**WHAT YOU HAVE TO DO**: Exactly as written, transcribe each line of the listing.

**DATA TO EXAMINE**:
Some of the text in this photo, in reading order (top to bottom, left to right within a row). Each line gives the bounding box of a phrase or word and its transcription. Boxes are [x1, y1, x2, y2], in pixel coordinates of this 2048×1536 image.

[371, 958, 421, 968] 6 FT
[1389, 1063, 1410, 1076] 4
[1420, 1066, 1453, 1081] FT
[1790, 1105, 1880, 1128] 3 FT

**TASK RESULT**:
Some of the text in this photo, in reading order (top to bottom, left to right within a row). Each line gives the bounding box of a phrase or word and its transcription. Boxes are [x1, y1, x2, y2], in pixel coordinates of this 2048×1536 image.

[371, 958, 421, 968] 6 FT
[1389, 1063, 1410, 1076] 4
[1420, 1066, 1453, 1081] FT
[1790, 1105, 1880, 1128] 3 FT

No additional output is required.